In the Japanese summer the cicadas sing in the trees, which sounds terribly romantic and peaceful.

They're louder than the traffic. Seriously. OK, not on the main trunk road through the centre of Okazaki, but on most of the smaller roads, including fairly busy ones. Maybe this is why the Japanese people don't seem to mind city noise; the countryside isn't much quieter.

I'm in a busy stage of the year at the moment, with a writing deadline in under two weeks based on material I received a week ago. On the down side, that means I don't have much time to write a diary entry. On the up side, it means that there isn't as much to write about.

Most days this week have followed this pattern: Get up. Shower, dress, eat, do a small amount of Japanese. Go to school. Come home from school. Write/revise. Eat. Deal with email (mostly business stuff). Go to bed.

Note the very small allowance of time for homework. In that context, it might have been unfortunate that we had the first of the major tests of the quarter on Thursday, but it's already well established that revising has, possibly, a negative effect on my test marks. So I'm not worried about that.
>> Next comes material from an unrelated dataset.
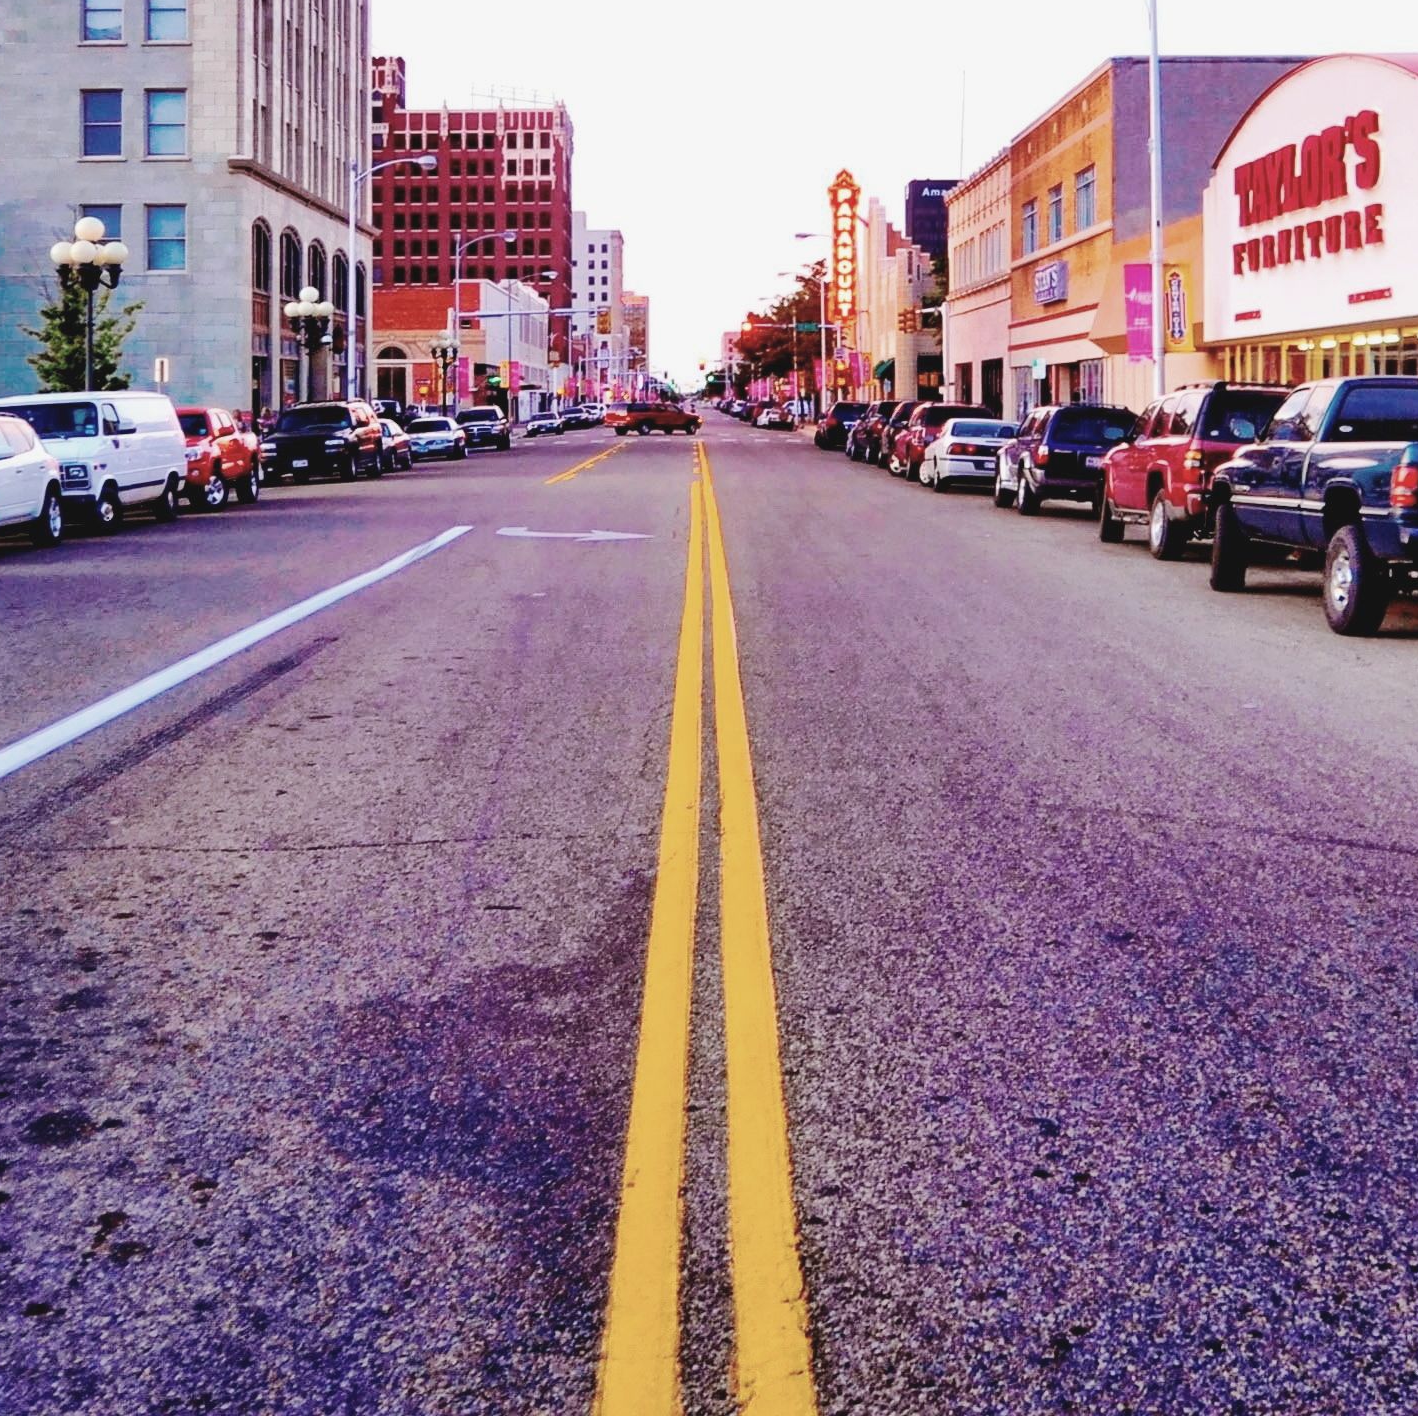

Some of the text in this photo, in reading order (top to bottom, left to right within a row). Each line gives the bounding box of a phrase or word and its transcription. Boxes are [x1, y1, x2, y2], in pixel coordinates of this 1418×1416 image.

[1234, 110, 1381, 228] TAYLOR'S
[836, 187, 853, 317] PARAMOUNT
[1232, 203, 1384, 276] FURNITURE
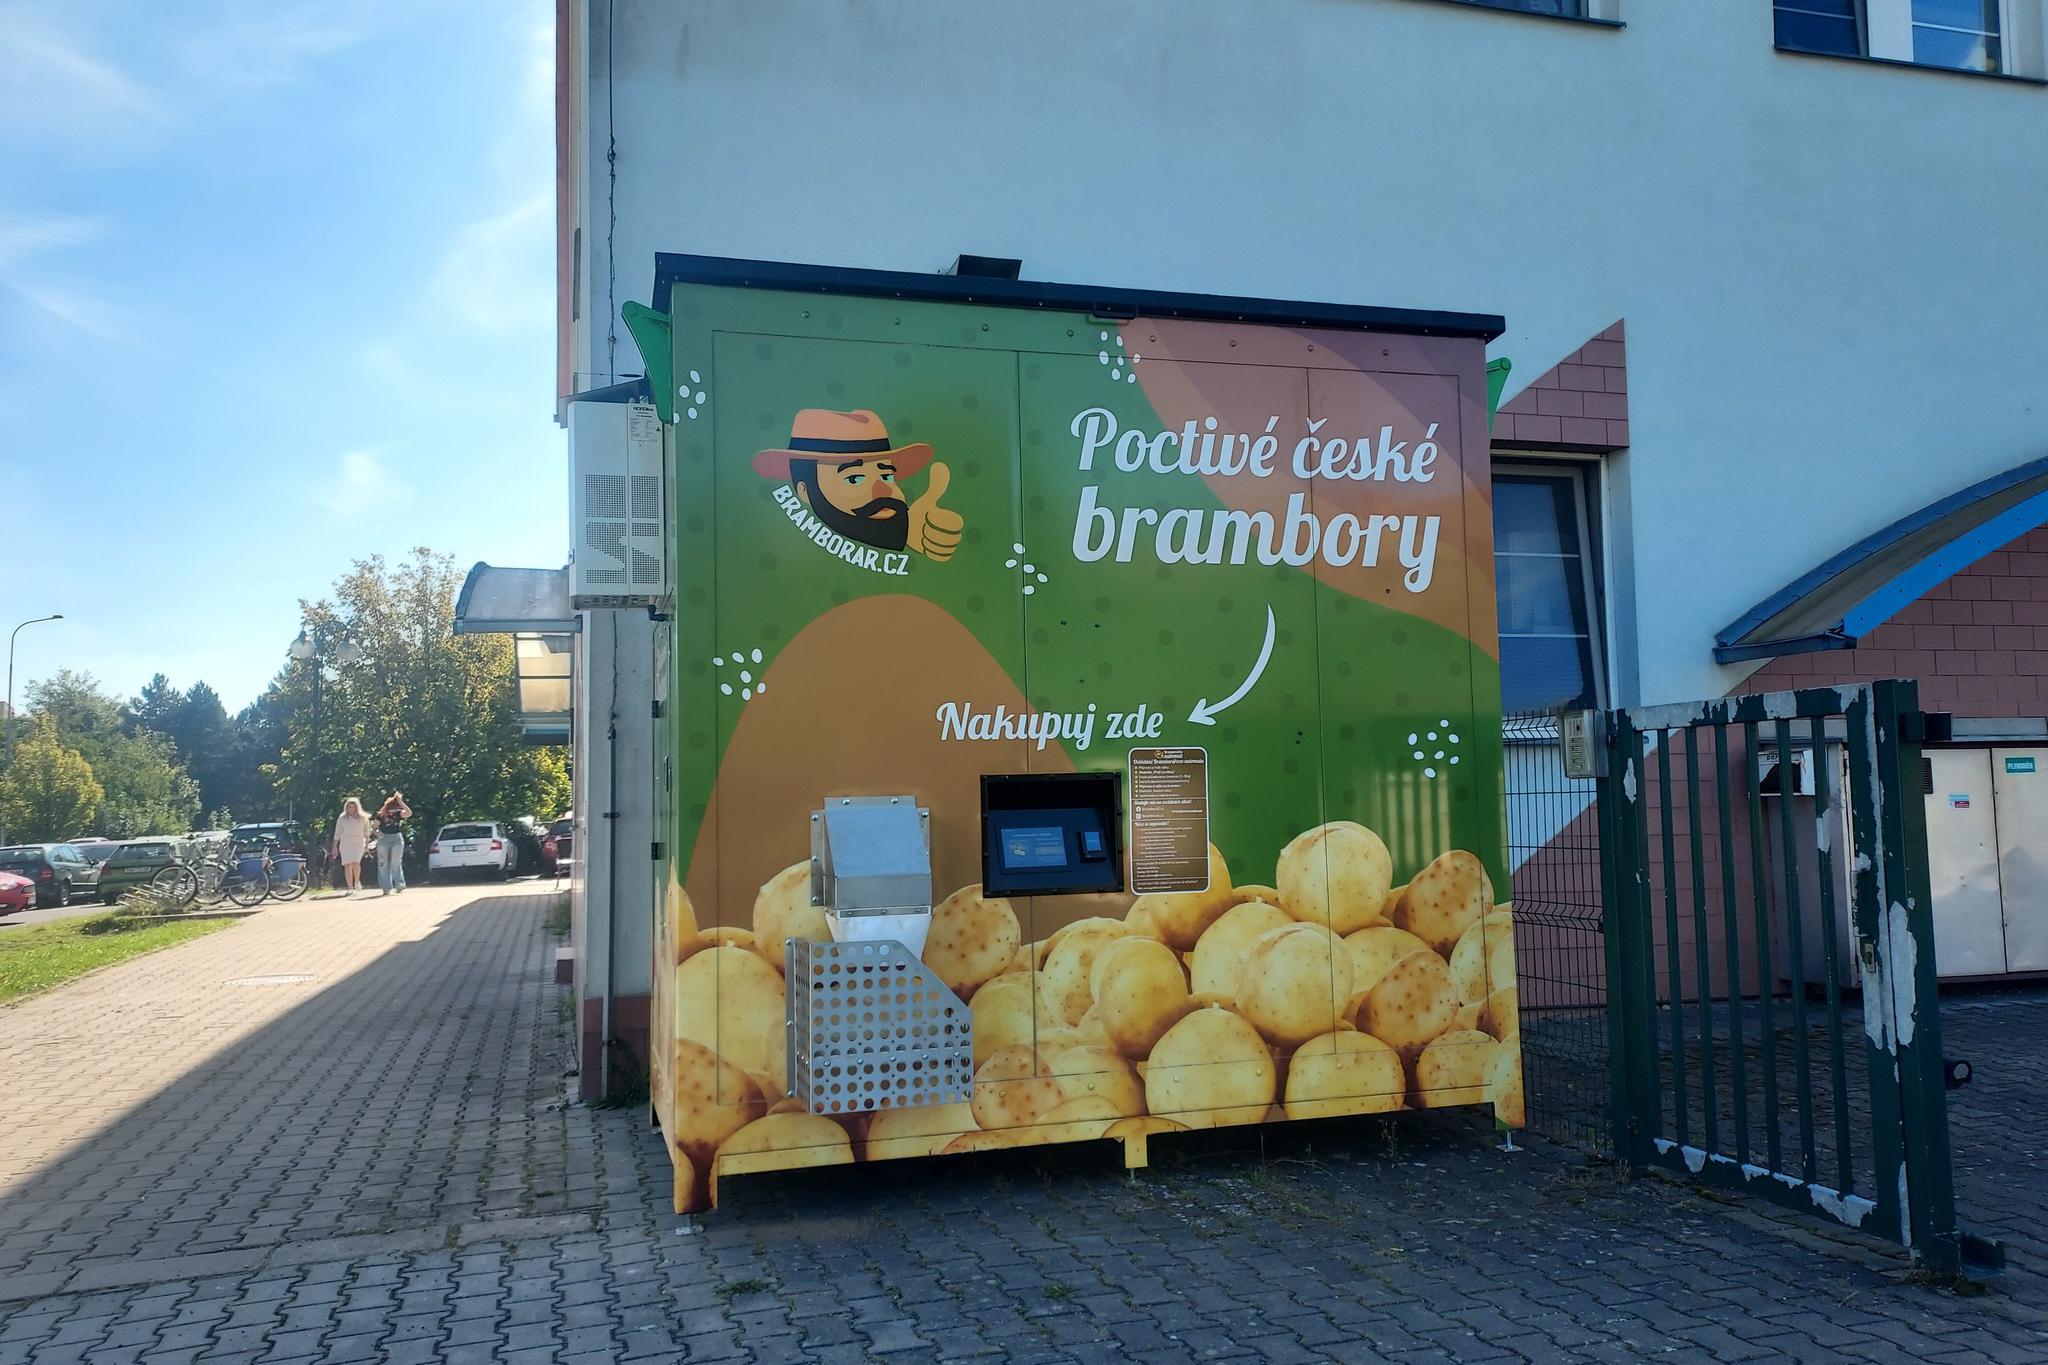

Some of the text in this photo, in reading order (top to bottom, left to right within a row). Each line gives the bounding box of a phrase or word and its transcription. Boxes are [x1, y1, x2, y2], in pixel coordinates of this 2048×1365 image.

The test seemed to go well enough, although we haven't had the results back yet.

And that really is about it. Not a very exciting week.

Mind you, I've almost certainly got a contract to write another book. I remember when that, all by itself, would have made the week really exciting. It's a little sad when these things turn into an ordinary job; I occasionally forget a couple of the books I've written when I'm adding up my number of credits, as well. Ah, how quickly we become jaded...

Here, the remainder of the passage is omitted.